NINE

Semoga cinta menjadi sempurna oleh cinta itu sendiri.

•{ Anonimoûs }•

"Itu obatnya kenapa belum abis\-abis, Rin? Padahal mau seminggu loh. Oh gue tau, lo jarang minum tuh obat ya? Ckck, gimana lo mau sembuh oon! Kalo tuh obat nggak lo minum." Kimi memarahi Sicka yang kini tengah menutup telinganya dengan bantal.

"WOY! Kalo gue ngomong tuh dengerin kampret! Sumpah ya nih anak dibilangin masuk kuping kiri keluar kuping kanan." Kimi menyingkirkan bantal yang digunakan Sicka.

Sicka terduduk dengan raut wajah kesal kepada Kimi. Memang sudah hampir satu minggu Sicka mengalami demam. Dan Kimi yang selalu datang ke rumahnya untuk memastikan Sicka meminum obatnya. Padahal sejak kecil Sicka tidak suka minum obat, mau dipaksapun kalau dia tidak mau minum ya tidak akan mau.

"Lo kalo kesini mau ngoceh\-ngoceh nggak jelas mending pulang aja deh. Kepala gue yang pusing tambah pusing denger suara lo." ucap Sicka sembari memijit pelipisnya.

"Ngoceh nggak jelas lo bilang?" pekik Kimi tak terima. "Heh gue ngoceh kaya gini karena gue peduli sama lo \*\*\*\*\*\*! Gue pengen lo cepet sembuh. Masa iya liburan kaya gini mau lo abisin tiduran di kasur dan berpusing\-pusing ria?" ucap Kimi dengan tangannya yang dia lipat di depan dada.
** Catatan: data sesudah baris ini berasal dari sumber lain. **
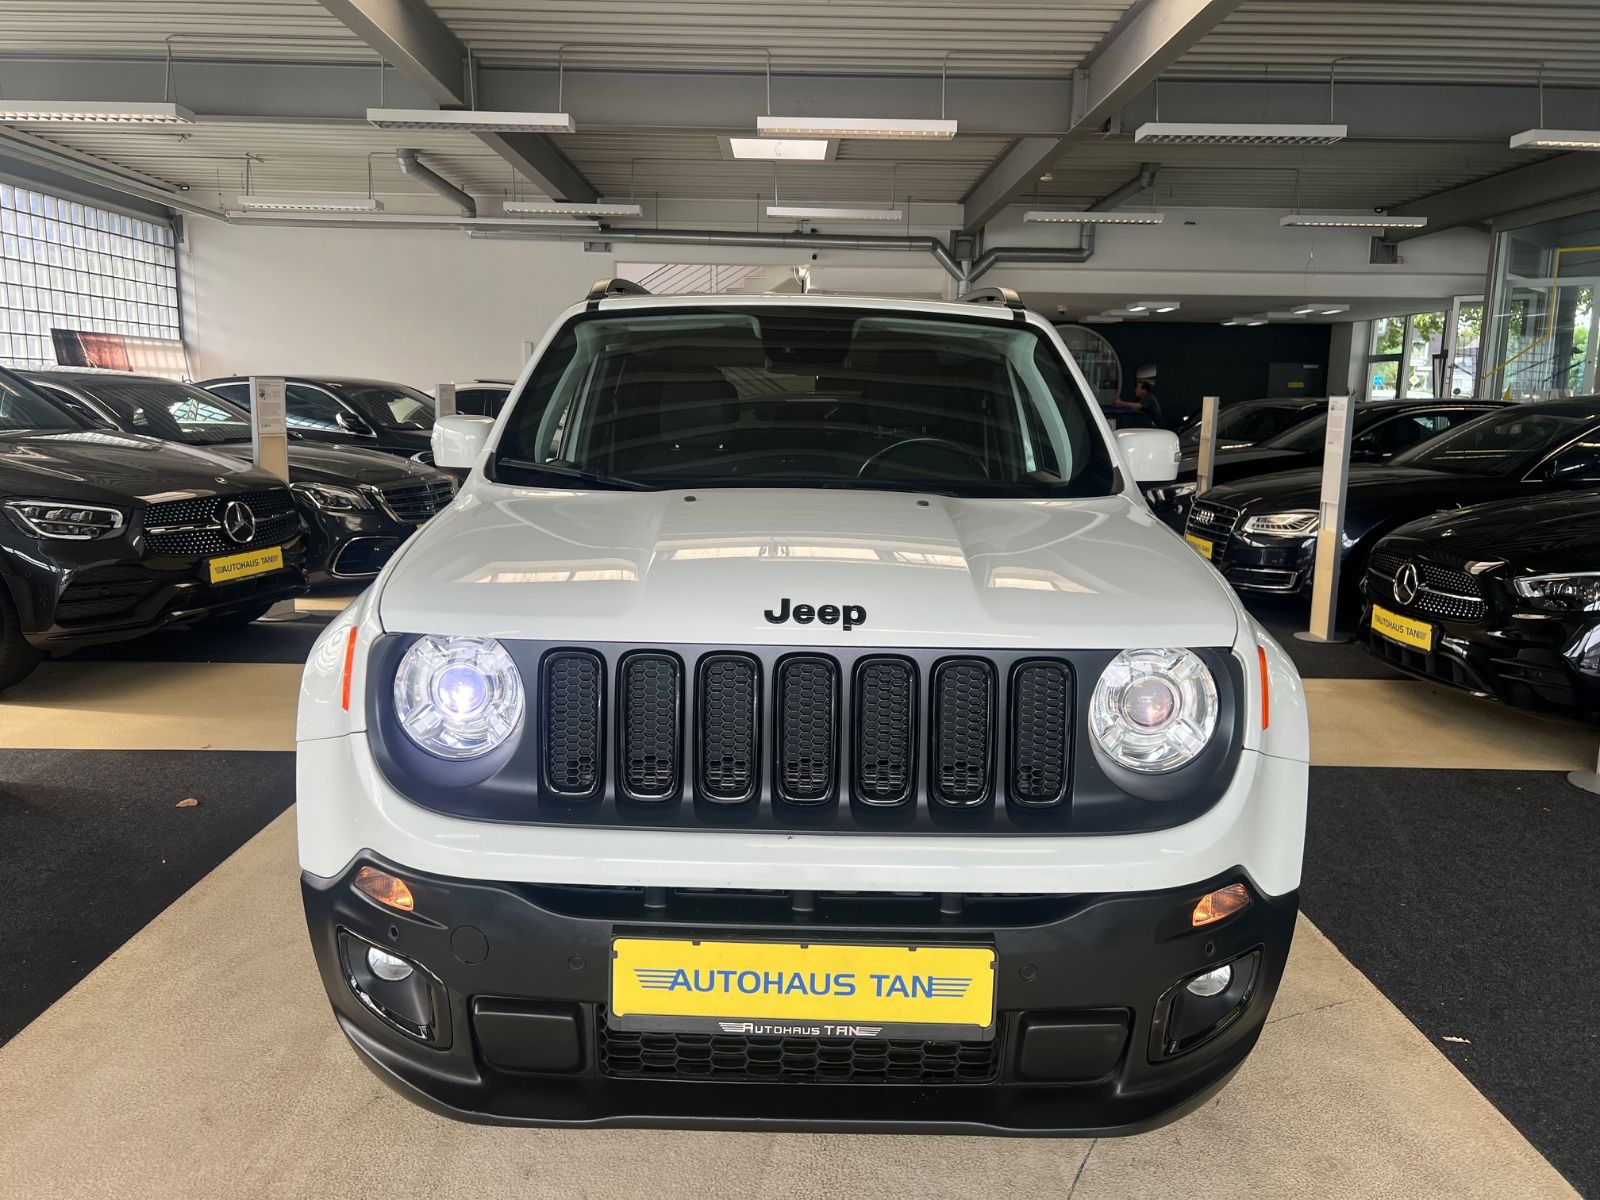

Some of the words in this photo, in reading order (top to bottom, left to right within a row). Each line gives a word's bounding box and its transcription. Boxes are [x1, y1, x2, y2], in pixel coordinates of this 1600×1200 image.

[222, 559, 259, 573] AUTOHAUS
[261, 556, 273, 564] TAN
[764, 598, 867, 631] Jeep
[1406, 627, 1419, 638] TAN
[668, 968, 856, 996] AUTOHAUS
[869, 974, 933, 998] TAN
[824, 1025, 859, 1036] TAN
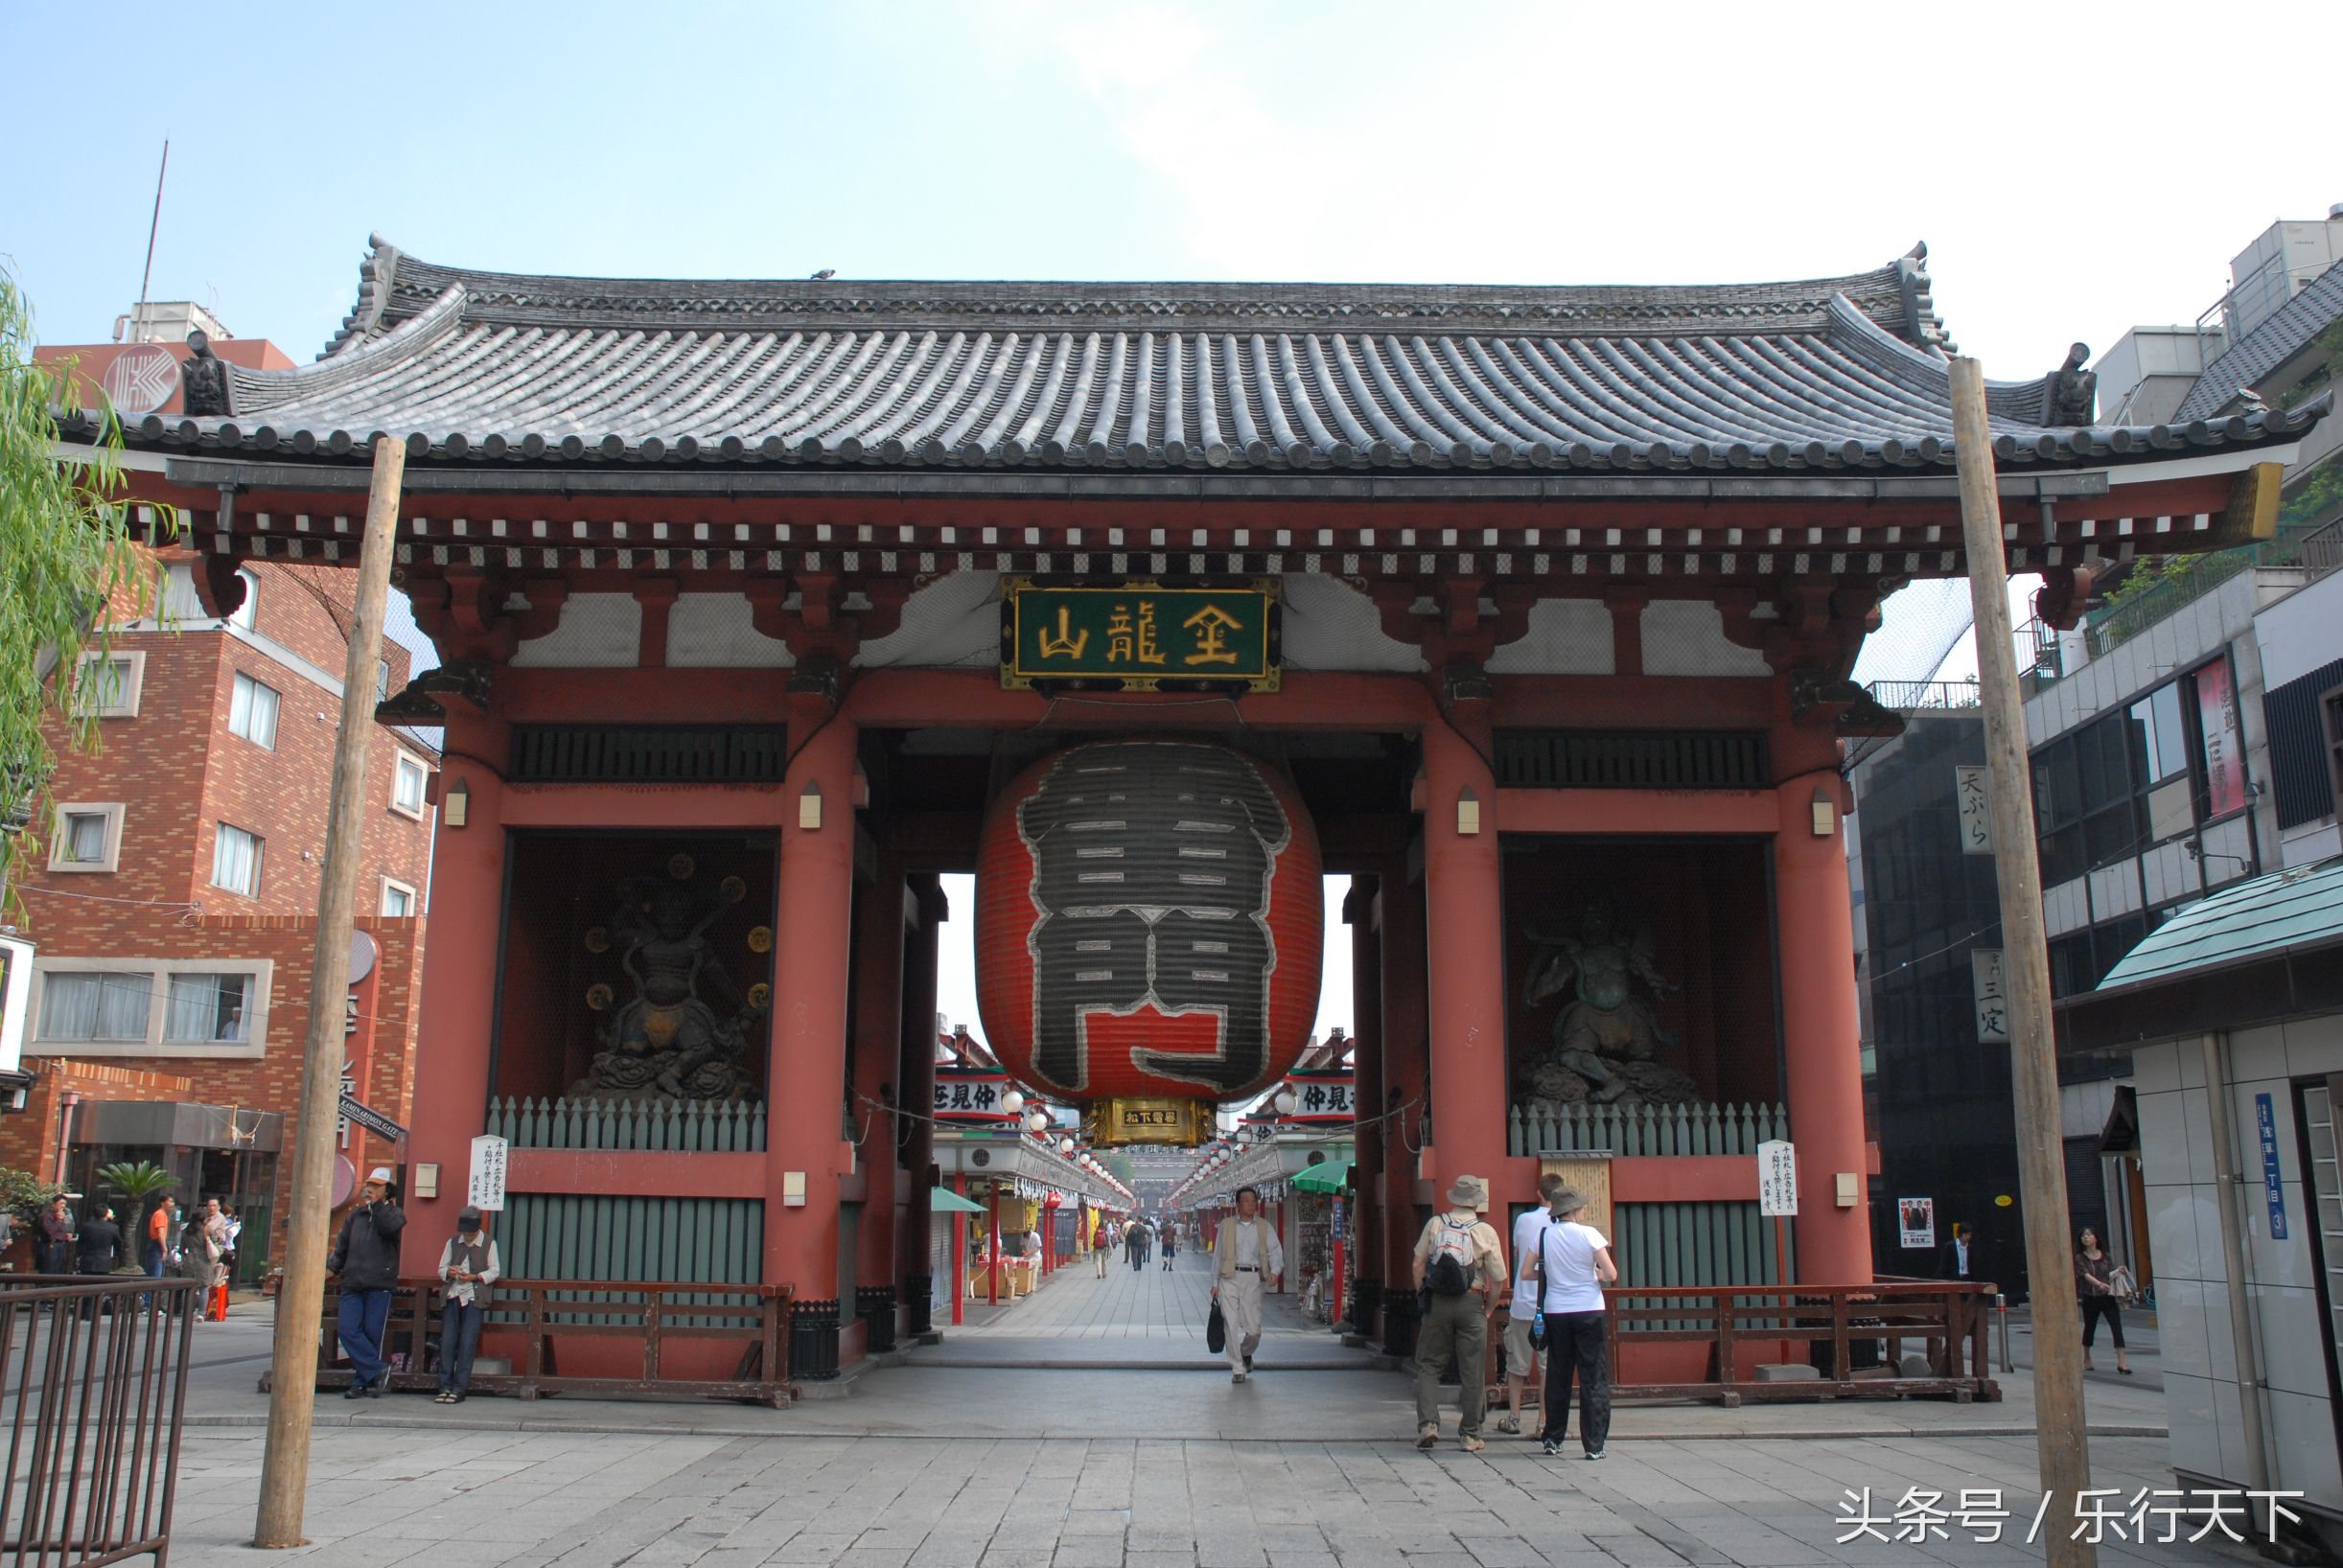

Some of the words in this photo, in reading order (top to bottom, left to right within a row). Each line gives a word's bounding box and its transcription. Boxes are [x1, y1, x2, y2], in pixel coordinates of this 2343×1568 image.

[1038, 600, 1243, 665] 金龍山
[1016, 742, 1292, 1094] 雷門
[1978, 981, 2007, 1035] 三定
[340, 1099, 384, 1127] KAMINARIMON
[382, 1121, 400, 1137] GATE
[1126, 1111, 1176, 1124] 松下電器
[2273, 1214, 2281, 1230] 3
Sicka memutar bola matanya malas, "Kalo lo bawanya makanan pasti gue udah sembuh dari kemaren-kemaren. Lo aja tiap kesini nggak bawa apa-apa dan nyuruh gue minum obat terus. Heloooo! Nih lidah gue udah pait terus minum obat kan makin pait onyettt!" dengus Sicka dengan sedikit menyindir cewek itu.

Kimi menyengir lebar karena apa yang diucapkan oleh Sicka memang benar adanya. "Ehehehe maap maap, abisnya gue panik sih denger lo sakit gue langsung buru-buru kesini dan lupa mampir buat beli makanan."
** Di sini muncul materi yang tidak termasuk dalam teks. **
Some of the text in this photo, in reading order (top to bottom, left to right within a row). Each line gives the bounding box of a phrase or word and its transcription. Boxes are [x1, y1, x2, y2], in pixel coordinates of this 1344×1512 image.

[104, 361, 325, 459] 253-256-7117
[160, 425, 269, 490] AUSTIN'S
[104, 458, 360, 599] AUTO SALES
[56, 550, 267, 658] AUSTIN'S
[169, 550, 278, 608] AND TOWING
"Alesan lo. Ngomong\-ngomong, Mami kemana, Kim?"

"Mami tadi pergi ke pasar, makanya lo dititipin ke gue."

Sicka menghela nafas, dia kemudian berdiri, "Bosen juga di kamar. Gue mau ke bawah ah nonton tipi Korea." ucap Sicka

Kimi pun membantu Sicka berjalan menuju ruang keluarga, dan akhirnya sampailah mereka di ruang keluarga.

"Eh Rin, gue ke dapur dulu yak! Mau nyari harta karun di kulkas lo." tanpa menunggu persetujuan dari Sicka, Kimi berlari menuju dapur.
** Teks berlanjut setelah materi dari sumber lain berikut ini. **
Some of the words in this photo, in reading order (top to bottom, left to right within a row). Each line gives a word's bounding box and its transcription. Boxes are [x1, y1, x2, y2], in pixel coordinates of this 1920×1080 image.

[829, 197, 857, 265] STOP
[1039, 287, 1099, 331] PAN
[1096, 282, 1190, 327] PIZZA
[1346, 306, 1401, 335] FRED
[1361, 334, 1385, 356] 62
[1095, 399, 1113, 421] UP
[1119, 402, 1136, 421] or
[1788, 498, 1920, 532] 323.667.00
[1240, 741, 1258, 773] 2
"KIMPREETTT BIKININ GUE JUS JAMBU YAKK!" teriak Sicka agar Kimi mendengar. Baru saja dia akan menyalakan tv, telpon rumah berbunyi yang membuatnya harus segera mengangkat takut\-takut ada hal penting.

"Halo dengan keluarga Sinegar, ada yang bisa dibantu?" ucap Sicka seperti apa yang di ajarkan ayahnya saat ada telpon masuk.

"..... "

"Oh iya pak, maaf sebelumnya. Biasanya saat Tuan sedang berlibur, Tuan memang tidak menerima telpon kerja, Pak?"

".... "

"Jadi belum ada dana masuk? Bapak udah hubungi pak Suryo, wakil Tuan Afkar?" Di situ Sicka mengernyit heran.

"....."

"Baik pak baik, nanti saya coba hubungi Tuan untuk memberitahu hal ini secepatnya."

"......"

Selesai mengangkat telpon, Sicka termenung. "Perasaan pas aku beresin meja kerja Ayah, aku liat struck rekening deh. Ayah kan kalo mau liburan udah selalu beresin pekerjaannya dulu. Tapi kok ... Ah udahlah pusing aku. Ntar aku coba hubungi pak Suryo." 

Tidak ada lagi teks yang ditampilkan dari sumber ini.